• Assignment: The answer is the data below, repeated exactly, with no pictures included.

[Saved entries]
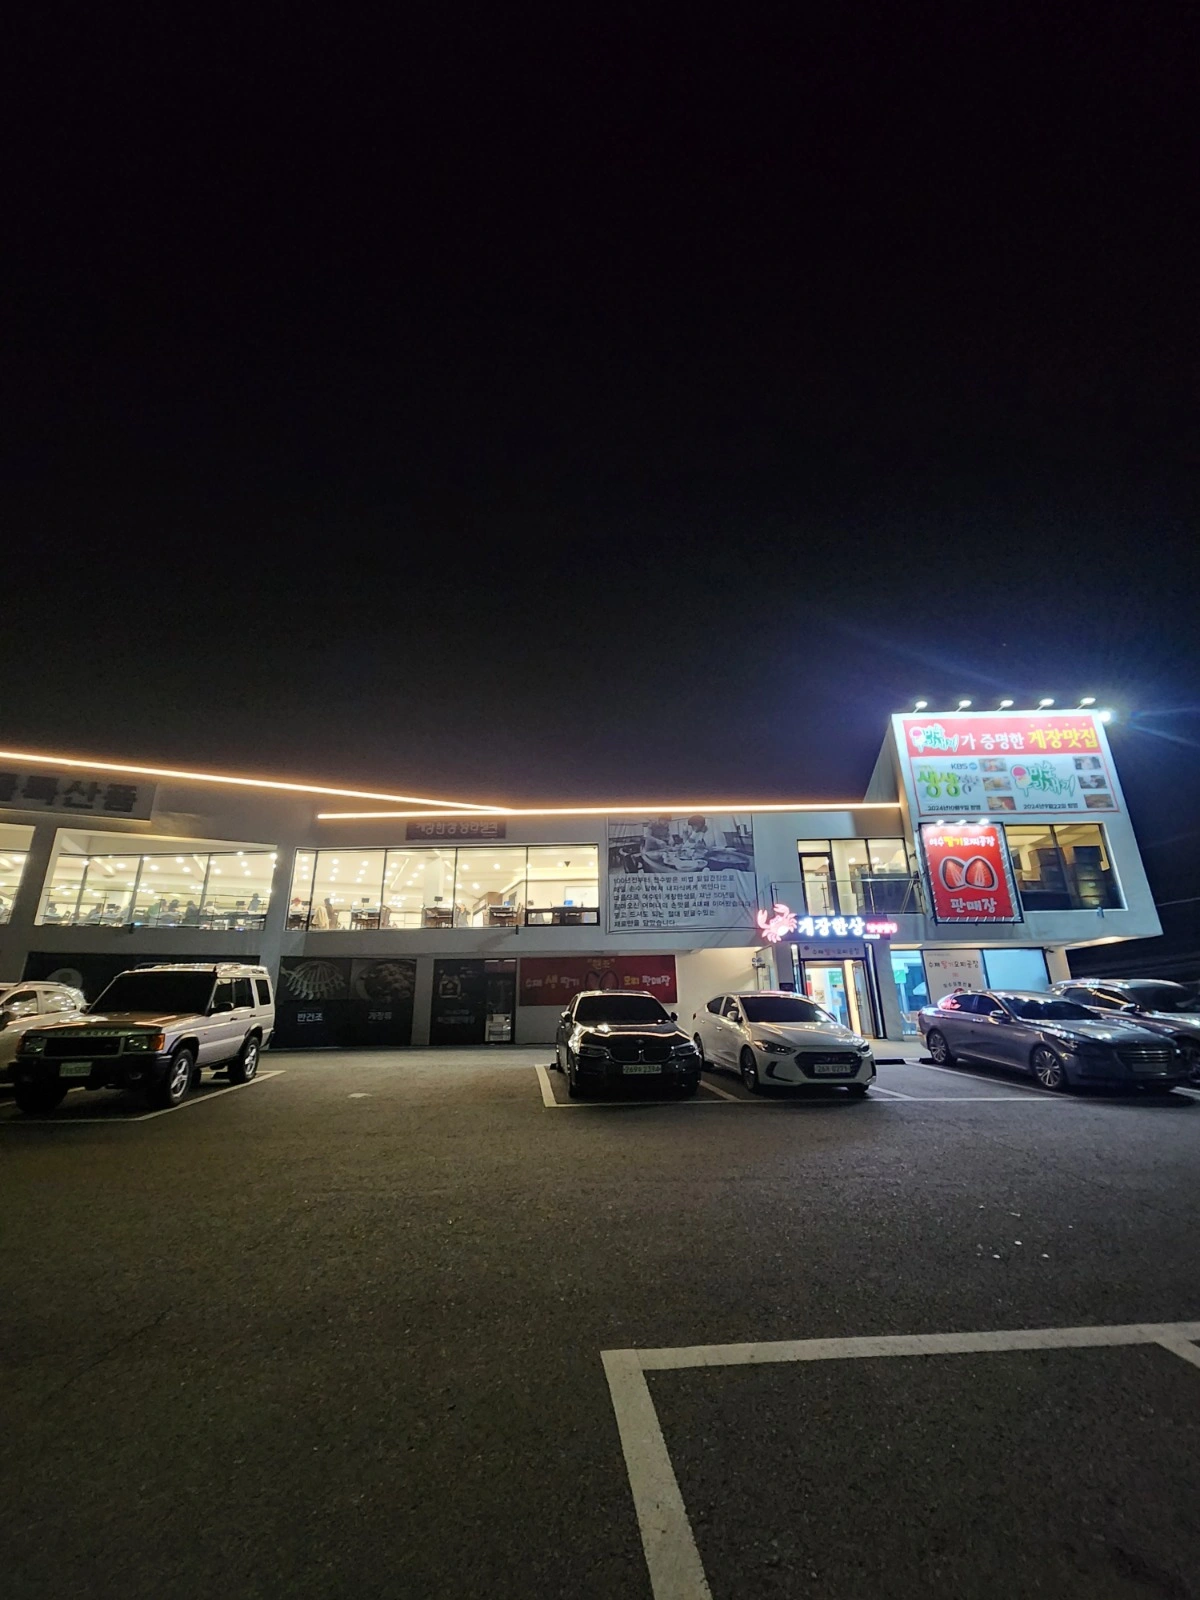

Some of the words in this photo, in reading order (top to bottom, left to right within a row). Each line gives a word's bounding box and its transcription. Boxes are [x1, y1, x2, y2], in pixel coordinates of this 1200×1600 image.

[961, 733, 977, 750] 가
[980, 733, 1025, 751] 증명한
[1027, 727, 1099, 750] 게장맛집
[950, 897, 998, 913] 판매장
[798, 917, 866, 937] 게장한상

• Response below:
Some of the words in this photo, in reading order (top to bottom, left to right within a row). Each line gives a word's bounding box and its transcription. Boxes are [x1, y1, x2, y2], in pixel coordinates of this 1200×1600 image.

[961, 733, 977, 750] 가
[980, 733, 1025, 751] 증명한
[1027, 727, 1099, 750] 게장맛집
[950, 897, 998, 913] 판매장
[798, 917, 866, 937] 게장한상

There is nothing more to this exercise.